I am working on a research project that is related to optimization and recently had an idea to use MCMC in this setting. Unfortunately, I am fairly new to MCMC methods so I had several questions. I'll start by describing the problem and then asking my questions.
Our problem boils down to estimating the expected value of a cost function $c(\omega)$ where $\omega = (\omega_1,\omega_2,...\omega_h)$ is an $h$-dimentional random variable with a density $f(\omega)$.
In our case, a closed form version of $c(\omega)$ does not exist. This means that we have to use Monte Carlo methods to approximate the expected value. Unfortunately, it turns out that estimates of $E[c(\omega)]$ that are generated using MC or QMC methods have too much variance to be useful within in a practical setting.

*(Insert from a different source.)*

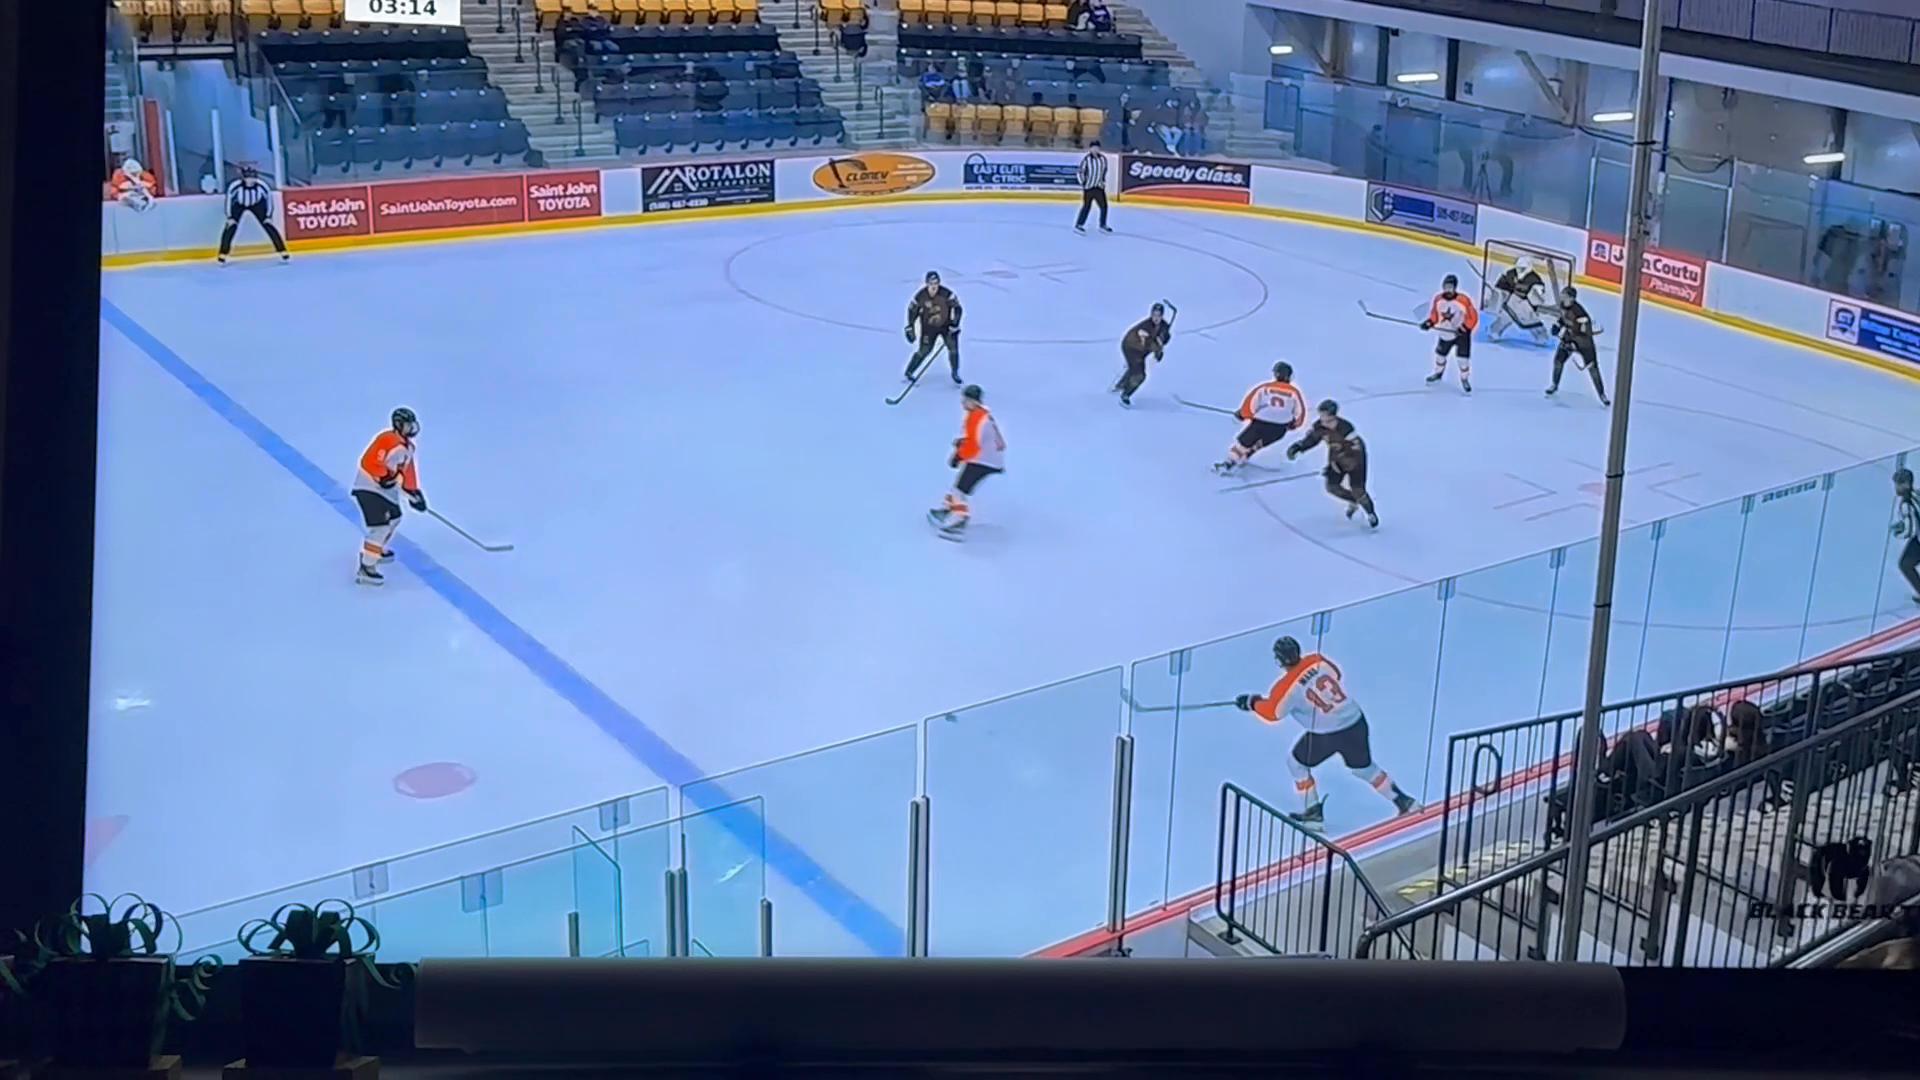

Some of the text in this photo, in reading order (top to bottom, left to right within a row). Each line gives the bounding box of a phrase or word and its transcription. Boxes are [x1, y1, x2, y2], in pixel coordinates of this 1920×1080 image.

One idea that we had to use an importance sampling distribution to generate sample points that will produce a low variance estimate of $E[c(\omega)]$. In our case, the ideal importance sampling distribution, $g(\omega)$, has to be roughly proportional to $c(\omega)f(\omega)$. Seeing how $g(\omega)$ is known up to constant, I am wondering whether I can use MCMC along with the proposal distribution $c(\omega)f(\omega)$ to eventually generate samples from $g(\omega)$ .
My questions here are:
Can MCMC be used within this setting? If so, what MCMC method would be appropriate? I am working in MATLAB, so I have a preference to anything that already has a MATLAB implementation.
Are there any techniques that I can use to speed up the burn-in period for MCMC. And how can I tell that the stationary distribution has been reached? In this case, it actually takes a fair bit of time to calculate $c(\omega)$ for a given $\omega$.